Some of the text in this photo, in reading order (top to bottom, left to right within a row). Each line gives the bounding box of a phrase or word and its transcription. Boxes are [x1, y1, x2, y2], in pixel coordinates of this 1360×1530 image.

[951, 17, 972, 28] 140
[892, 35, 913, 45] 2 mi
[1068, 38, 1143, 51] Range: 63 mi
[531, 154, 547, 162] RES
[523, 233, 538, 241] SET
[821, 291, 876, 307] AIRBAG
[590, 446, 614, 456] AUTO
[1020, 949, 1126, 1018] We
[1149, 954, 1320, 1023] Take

▶ Problem to work on
Go through the records and set every one down exactly.

▶ Response to the exercise
Some of the text in this photo, in reading order (top to bottom, left to right within a row). Each line gives the bounding box of a phrase or word and its transcription. Boxes are [x1, y1, x2, y2], in pixel coordinates of this 1360×1530 image.

[951, 17, 972, 28] 140
[892, 35, 913, 45] 2 mi
[1068, 38, 1143, 51] Range: 63 mi
[531, 154, 547, 162] RES
[523, 233, 538, 241] SET
[821, 291, 876, 307] AIRBAG
[590, 446, 614, 456] AUTO
[1020, 949, 1126, 1018] We
[1149, 954, 1320, 1023] Take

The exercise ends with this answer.